(Dataset entries)
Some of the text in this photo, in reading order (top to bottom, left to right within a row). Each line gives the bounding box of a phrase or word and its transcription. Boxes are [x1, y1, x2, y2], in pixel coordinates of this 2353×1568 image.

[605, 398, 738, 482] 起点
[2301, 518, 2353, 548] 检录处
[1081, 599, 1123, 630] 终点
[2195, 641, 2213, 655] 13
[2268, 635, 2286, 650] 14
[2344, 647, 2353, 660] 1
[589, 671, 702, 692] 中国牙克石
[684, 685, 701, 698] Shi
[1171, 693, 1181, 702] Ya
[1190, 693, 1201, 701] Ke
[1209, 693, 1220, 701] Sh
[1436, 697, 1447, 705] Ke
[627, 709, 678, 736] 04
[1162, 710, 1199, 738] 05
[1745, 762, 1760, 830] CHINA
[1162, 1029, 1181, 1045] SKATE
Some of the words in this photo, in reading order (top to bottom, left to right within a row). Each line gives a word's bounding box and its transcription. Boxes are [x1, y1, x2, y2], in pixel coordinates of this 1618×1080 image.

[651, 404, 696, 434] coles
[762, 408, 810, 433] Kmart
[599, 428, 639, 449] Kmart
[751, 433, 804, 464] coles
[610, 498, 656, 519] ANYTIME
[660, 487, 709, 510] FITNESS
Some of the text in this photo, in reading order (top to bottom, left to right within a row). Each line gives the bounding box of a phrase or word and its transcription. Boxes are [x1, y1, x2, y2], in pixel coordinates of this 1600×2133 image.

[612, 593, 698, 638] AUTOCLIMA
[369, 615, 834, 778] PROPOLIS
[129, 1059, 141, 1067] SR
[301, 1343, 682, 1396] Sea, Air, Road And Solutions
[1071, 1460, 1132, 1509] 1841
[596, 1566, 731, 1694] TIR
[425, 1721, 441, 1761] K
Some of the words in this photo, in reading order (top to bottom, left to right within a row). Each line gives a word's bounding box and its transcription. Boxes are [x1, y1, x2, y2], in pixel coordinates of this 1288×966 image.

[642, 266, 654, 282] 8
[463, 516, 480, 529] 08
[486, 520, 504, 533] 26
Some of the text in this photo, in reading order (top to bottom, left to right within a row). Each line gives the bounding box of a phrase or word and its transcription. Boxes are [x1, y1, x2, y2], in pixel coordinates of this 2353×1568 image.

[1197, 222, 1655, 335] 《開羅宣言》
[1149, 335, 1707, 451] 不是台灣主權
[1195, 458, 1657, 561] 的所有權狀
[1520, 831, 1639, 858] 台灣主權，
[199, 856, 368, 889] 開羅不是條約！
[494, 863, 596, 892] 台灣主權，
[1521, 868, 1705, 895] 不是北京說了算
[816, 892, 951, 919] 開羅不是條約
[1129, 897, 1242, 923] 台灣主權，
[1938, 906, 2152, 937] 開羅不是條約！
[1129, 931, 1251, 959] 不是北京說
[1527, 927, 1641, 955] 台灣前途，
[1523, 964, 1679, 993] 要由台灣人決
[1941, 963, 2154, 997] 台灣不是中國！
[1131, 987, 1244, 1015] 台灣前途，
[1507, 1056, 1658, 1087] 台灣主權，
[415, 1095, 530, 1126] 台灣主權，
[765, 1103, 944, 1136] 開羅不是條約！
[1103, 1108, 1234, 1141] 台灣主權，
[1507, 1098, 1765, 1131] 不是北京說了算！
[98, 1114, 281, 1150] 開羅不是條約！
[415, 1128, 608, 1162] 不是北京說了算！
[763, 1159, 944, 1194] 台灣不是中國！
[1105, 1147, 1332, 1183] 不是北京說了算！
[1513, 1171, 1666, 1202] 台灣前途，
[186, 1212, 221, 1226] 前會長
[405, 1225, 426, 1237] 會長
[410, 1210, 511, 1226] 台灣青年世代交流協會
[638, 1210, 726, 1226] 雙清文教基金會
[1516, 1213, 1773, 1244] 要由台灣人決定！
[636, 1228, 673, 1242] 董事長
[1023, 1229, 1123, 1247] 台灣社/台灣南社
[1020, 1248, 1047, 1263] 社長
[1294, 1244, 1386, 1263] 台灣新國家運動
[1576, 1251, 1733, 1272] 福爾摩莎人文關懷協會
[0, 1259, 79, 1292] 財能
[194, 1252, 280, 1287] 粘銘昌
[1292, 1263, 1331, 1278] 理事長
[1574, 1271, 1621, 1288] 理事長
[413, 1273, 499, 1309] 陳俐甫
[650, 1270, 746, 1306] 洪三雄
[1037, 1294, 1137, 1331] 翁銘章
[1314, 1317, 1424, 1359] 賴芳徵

Goal of the exercise
Give the data again in full, exactly.

Result
Some of the text in this photo, in reading order (top to bottom, left to right within a row). Each line gives the bounding box of a phrase or word and its transcription. Boxes are [x1, y1, x2, y2], in pixel coordinates of this 2353×1568 image.

[605, 398, 738, 482] 起点
[2301, 518, 2353, 548] 检录处
[1081, 599, 1123, 630] 终点
[2195, 641, 2213, 655] 13
[2268, 635, 2286, 650] 14
[2344, 647, 2353, 660] 1
[589, 671, 702, 692] 中国牙克石
[684, 685, 701, 698] Shi
[1171, 693, 1181, 702] Ya
[1190, 693, 1201, 701] Ke
[1209, 693, 1220, 701] Sh
[1436, 697, 1447, 705] Ke
[627, 709, 678, 736] 04
[1162, 710, 1199, 738] 05
[1745, 762, 1760, 830] CHINA
[1162, 1029, 1181, 1045] SKATE
Some of the words in this photo, in reading order (top to bottom, left to right within a row). Each line gives a word's bounding box and its transcription. Boxes are [x1, y1, x2, y2], in pixel coordinates of this 1618×1080 image.

[651, 404, 696, 434] coles
[762, 408, 810, 433] Kmart
[599, 428, 639, 449] Kmart
[751, 433, 804, 464] coles
[610, 498, 656, 519] ANYTIME
[660, 487, 709, 510] FITNESS
Some of the text in this photo, in reading order (top to bottom, left to right within a row). Each line gives the bounding box of a phrase or word and its transcription. Boxes are [x1, y1, x2, y2], in pixel coordinates of this 1600×2133 image.

[612, 593, 698, 638] AUTOCLIMA
[369, 615, 834, 778] PROPOLIS
[129, 1059, 141, 1067] SR
[301, 1343, 682, 1396] Sea, Air, Road And Solutions
[1071, 1460, 1132, 1509] 1841
[596, 1566, 731, 1694] TIR
[425, 1721, 441, 1761] K
Some of the words in this photo, in reading order (top to bottom, left to right within a row). Each line gives a word's bounding box and its transcription. Boxes are [x1, y1, x2, y2], in pixel coordinates of this 1288×966 image.

[642, 266, 654, 282] 8
[463, 516, 480, 529] 08
[486, 520, 504, 533] 26
Some of the text in this photo, in reading order (top to bottom, left to right within a row). Each line gives the bounding box of a phrase or word and its transcription. Boxes are [x1, y1, x2, y2], in pixel coordinates of this 2353×1568 image.

[1197, 222, 1655, 335] 《開羅宣言》
[1149, 335, 1707, 451] 不是台灣主權
[1195, 458, 1657, 561] 的所有權狀
[1520, 831, 1639, 858] 台灣主權，
[199, 856, 368, 889] 開羅不是條約！
[494, 863, 596, 892] 台灣主權，
[1521, 868, 1705, 895] 不是北京說了算
[816, 892, 951, 919] 開羅不是條約
[1129, 897, 1242, 923] 台灣主權，
[1938, 906, 2152, 937] 開羅不是條約！
[1129, 931, 1251, 959] 不是北京說
[1527, 927, 1641, 955] 台灣前途，
[1523, 964, 1679, 993] 要由台灣人決
[1941, 963, 2154, 997] 台灣不是中國！
[1131, 987, 1244, 1015] 台灣前途，
[1507, 1056, 1658, 1087] 台灣主權，
[415, 1095, 530, 1126] 台灣主權，
[765, 1103, 944, 1136] 開羅不是條約！
[1103, 1108, 1234, 1141] 台灣主權，
[1507, 1098, 1765, 1131] 不是北京說了算！
[98, 1114, 281, 1150] 開羅不是條約！
[415, 1128, 608, 1162] 不是北京說了算！
[763, 1159, 944, 1194] 台灣不是中國！
[1105, 1147, 1332, 1183] 不是北京說了算！
[1513, 1171, 1666, 1202] 台灣前途，
[186, 1212, 221, 1226] 前會長
[405, 1225, 426, 1237] 會長
[410, 1210, 511, 1226] 台灣青年世代交流協會
[638, 1210, 726, 1226] 雙清文教基金會
[1516, 1213, 1773, 1244] 要由台灣人決定！
[636, 1228, 673, 1242] 董事長
[1023, 1229, 1123, 1247] 台灣社/台灣南社
[1020, 1248, 1047, 1263] 社長
[1294, 1244, 1386, 1263] 台灣新國家運動
[1576, 1251, 1733, 1272] 福爾摩莎人文關懷協會
[0, 1259, 79, 1292] 財能
[194, 1252, 280, 1287] 粘銘昌
[1292, 1263, 1331, 1278] 理事長
[1574, 1271, 1621, 1288] 理事長
[413, 1273, 499, 1309] 陳俐甫
[650, 1270, 746, 1306] 洪三雄
[1037, 1294, 1137, 1331] 翁銘章
[1314, 1317, 1424, 1359] 賴芳徵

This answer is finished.